Reputation: 3
I have multiple dataframes. The first dataframe has certain strings
df_string = pd.DataFrame({'idx':[1, 2, 3, 4, 5, 6, 7, 8, 9, 10],
'string':['xx01122txt01', 'bea2125', 'spddoc0010', 'bon007', 'xx001122xls04', 'spdxls1122', 'bea1234', 'bon1234', 'xy02125doc00', 'irnppt1260']})
And the other three dataframes have substrings with some sort of mapping
df_name = pd.DataFrame({'code':['bon', 'bea', 'spd'],
'name':['james bond', 'mr bean', 'spider man']})
df_type = pd.DataFrame({'code':['doc', 'txt', 'xls'],
'type':['document', 'text', 'excel']})
df_desc = pd.DataFrame({'id':['1122', '1234', '2990', '2125'],
'desc':['facebook', 'twitter', 'instagram', 'snapchat']})
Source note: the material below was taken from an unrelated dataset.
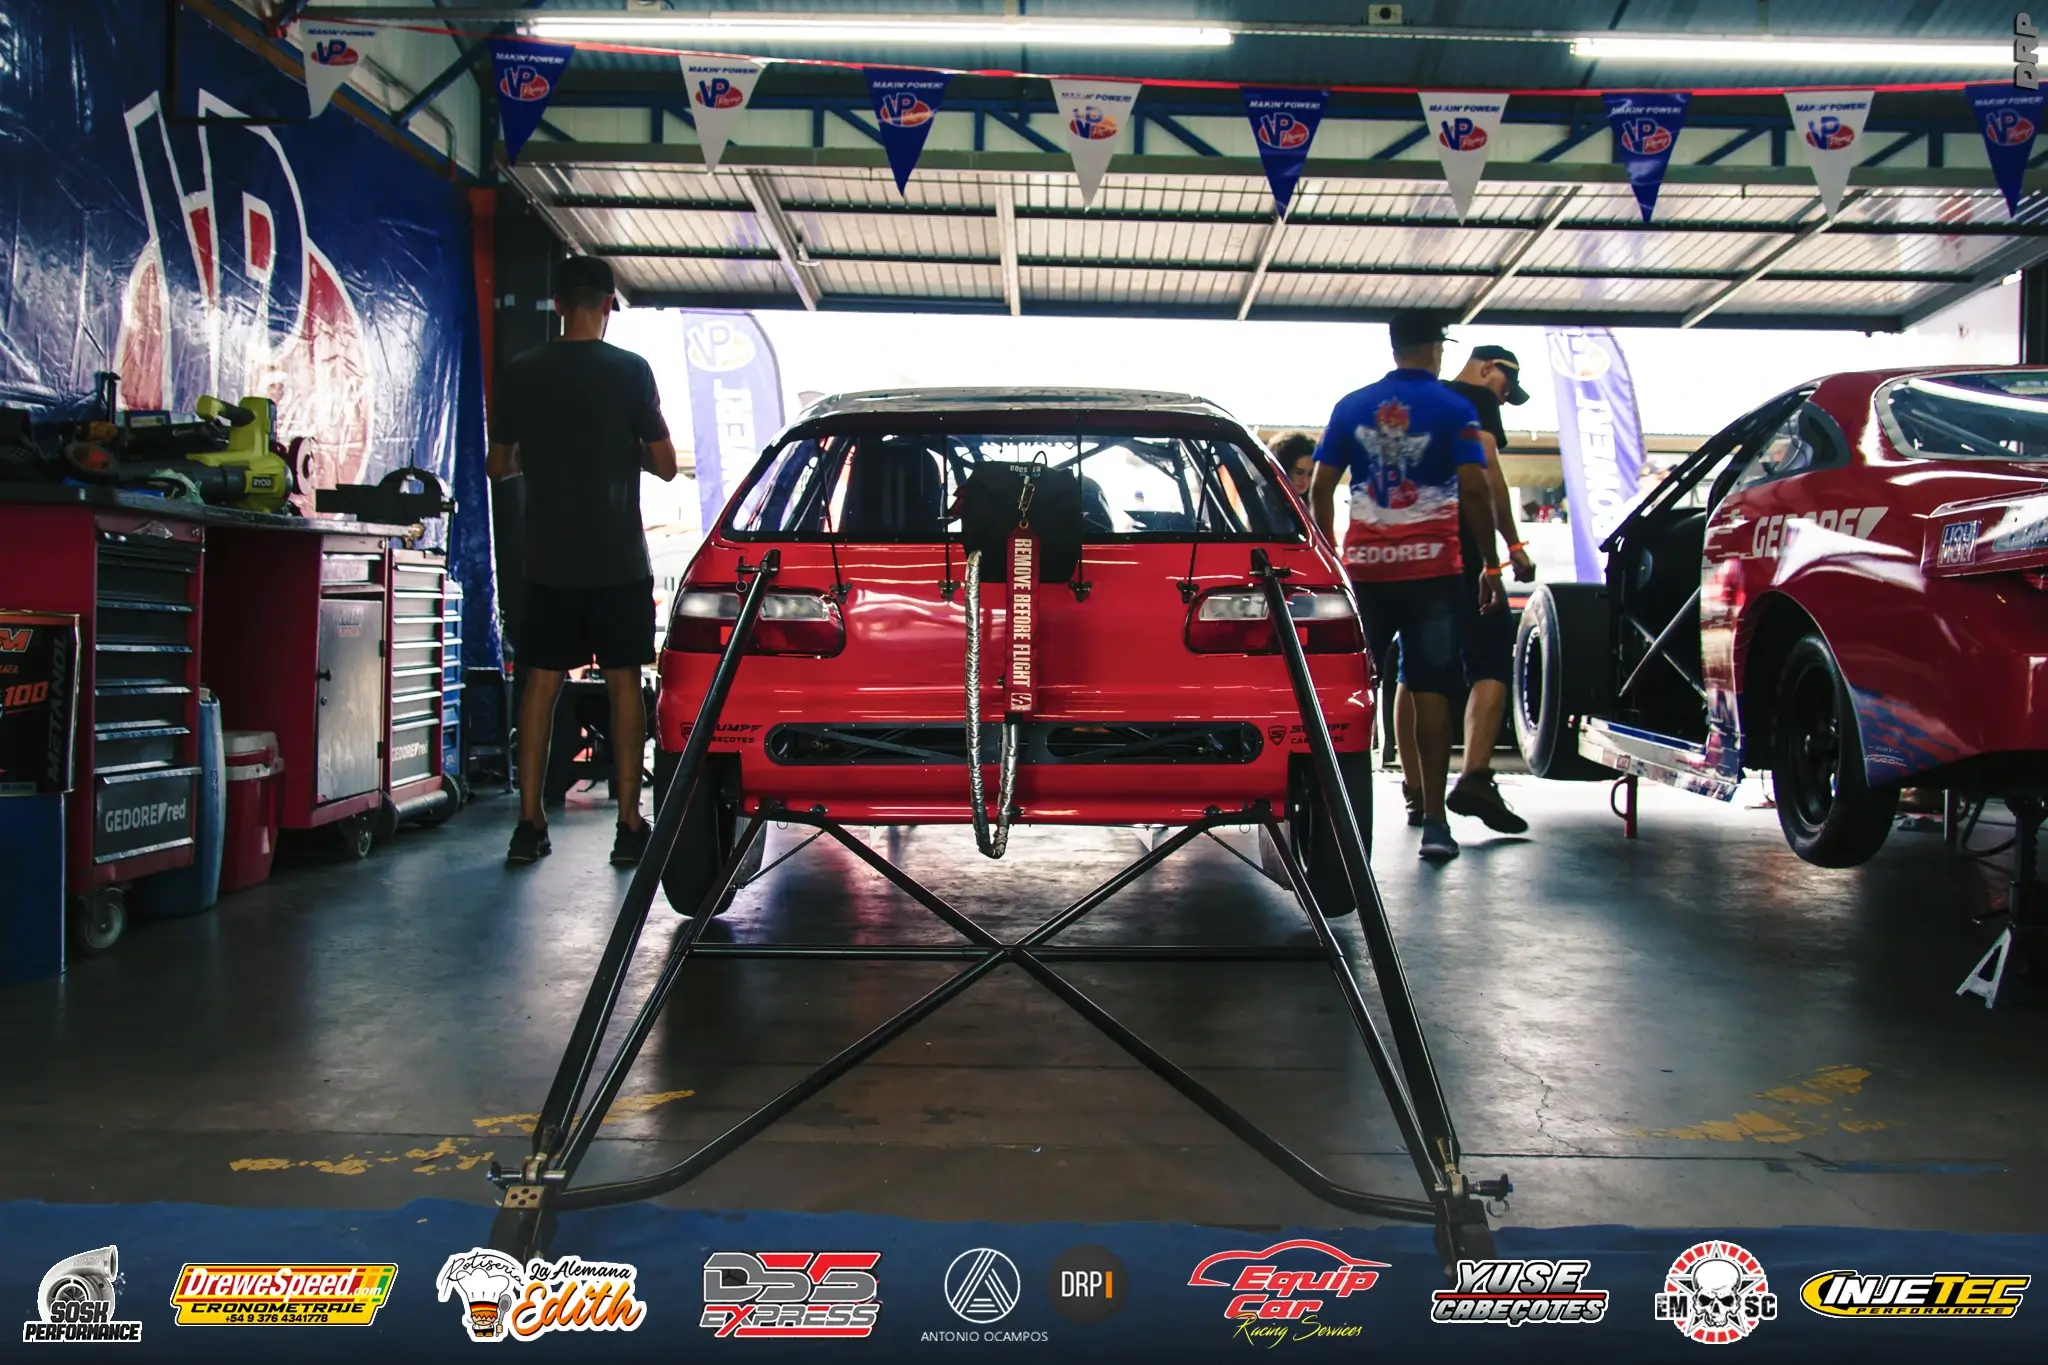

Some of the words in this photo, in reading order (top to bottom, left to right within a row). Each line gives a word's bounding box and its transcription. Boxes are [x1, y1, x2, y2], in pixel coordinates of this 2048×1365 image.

What I'm trying to do is, look for the substrings in the strings column and create a new dataframe with the mapped data. It needs to look something like this
df_output = pd.DataFrame({'idx': [1, 2, 3, 4, 5, 6, 7, 8, 9, 10],
'string': ['xx01122txt01', 'bea2125', 'spddoc0010', 'bon007', 'xx001122xls04', 'spdxls1122', 'bea1234', 'bon1234', 'xy02125doc00', 'irnppt1260'],
'desc': ['facebook', 'snapchat', '-', '-', 'facebook', 'facebook', 'twitter', 'twitter', 'snapchat', '-'],
'type': ['text', '-', 'document', '-', 'excel', 'excel', '-', '-', 'document', '-'],
'name': ['-', 'mr bean', 'spider man', 'james bond', '-', 'spider man', 'mr bean', 'james bond', '-', '-'
]})
Upvotes: 0
Views: 128
Reputation: 30050
You can use .str.extract
to extract the matched string in string
column then map
it to other column of df_name
, df_desc
df_string['desc'] = df_string['string'].str.extract('('+'|'.join(df_desc['id'])+')')[0].map(df_desc.set_index('id')['desc'])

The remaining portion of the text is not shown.